Minister of Foreign Affairs
- In office 1 January 2019 – 29 March 2021
- President: Jair Bolsonaro
- Preceded by: Aloysio Nunes
- Succeeded by: Carlos Alberto França

Personal details
- Born: Ernesto Henrique Fraga Araújo 15 May 1967 (age 59) Porto Alegre, Rio Grande do Sul, Brazil
- Education: University of Brasília Rio Branco Institute
- Occupation: Diplomat

= Ernesto Araújo =

Brazilian diplomat and former Minister of Foreign Affairs

Ernesto Henrique Fraga Araújo (born 15 May 1967) is a Brazilian diplomat and Brazil's former Minister of Foreign Affairs.
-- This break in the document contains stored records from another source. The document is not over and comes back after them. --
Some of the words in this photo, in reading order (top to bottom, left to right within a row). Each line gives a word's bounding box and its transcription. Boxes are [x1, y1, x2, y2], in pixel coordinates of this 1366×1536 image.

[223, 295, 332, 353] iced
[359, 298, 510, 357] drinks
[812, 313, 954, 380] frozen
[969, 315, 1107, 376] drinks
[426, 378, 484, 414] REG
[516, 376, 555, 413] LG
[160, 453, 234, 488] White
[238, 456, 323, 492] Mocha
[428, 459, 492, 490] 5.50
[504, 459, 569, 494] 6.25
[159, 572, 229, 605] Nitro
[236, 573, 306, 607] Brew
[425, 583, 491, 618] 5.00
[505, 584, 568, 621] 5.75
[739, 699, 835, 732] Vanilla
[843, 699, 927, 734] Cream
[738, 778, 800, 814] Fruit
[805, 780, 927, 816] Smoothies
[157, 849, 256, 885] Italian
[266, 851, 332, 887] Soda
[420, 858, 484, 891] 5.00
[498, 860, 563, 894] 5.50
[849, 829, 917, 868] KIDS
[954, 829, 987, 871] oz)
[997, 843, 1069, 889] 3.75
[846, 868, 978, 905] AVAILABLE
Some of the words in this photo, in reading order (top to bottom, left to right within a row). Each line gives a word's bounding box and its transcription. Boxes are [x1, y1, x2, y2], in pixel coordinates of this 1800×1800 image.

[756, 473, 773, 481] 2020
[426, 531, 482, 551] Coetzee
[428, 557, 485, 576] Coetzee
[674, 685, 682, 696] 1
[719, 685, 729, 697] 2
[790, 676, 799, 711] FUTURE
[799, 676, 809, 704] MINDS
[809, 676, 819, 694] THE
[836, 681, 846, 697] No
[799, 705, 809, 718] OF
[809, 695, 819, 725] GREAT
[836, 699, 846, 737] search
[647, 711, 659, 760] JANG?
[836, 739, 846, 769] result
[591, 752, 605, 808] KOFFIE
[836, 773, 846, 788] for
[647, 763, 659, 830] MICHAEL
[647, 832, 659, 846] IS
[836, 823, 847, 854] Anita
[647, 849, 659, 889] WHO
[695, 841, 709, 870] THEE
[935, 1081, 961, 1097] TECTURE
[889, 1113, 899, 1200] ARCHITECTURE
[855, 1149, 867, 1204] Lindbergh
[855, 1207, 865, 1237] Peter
Chosen by Brazil's president Jair Bolsonaro in January 2019 following a suggestion made by Olavo de Carvalho, Araújo subscribes to theories such as man-made climate change is untrue and a "communist plot", "globalism" is a process driven by "cultural Marxism", and the COVID-19 pandemic is the result of another communist plot he dubbed "comunavirus".

==Career==
Araújo is a career diplomat at the Ministry of Foreign Affairs (often called Itamaraty after its headquarters). He served in Itamaraty's division of Mercosur affairs from 1991 to 1995, from 2007 to July 2010 and from 2010 to 2015 he was deputy chief at the Brazilian Embassies in Ottawa and in Washington, D.C., respectively. In June 2018, he was promoted to the rank of First Class Minister in the Brazilian Foreign Service, a career diplomat's top rank, that allows them to be posted as Ambassadors. In the custom of the Brazilian Foreign Service, First Class Ministers are styled "Ambassador" even when they have not yet assumed the direction of an embassy, as was the case with Araújo.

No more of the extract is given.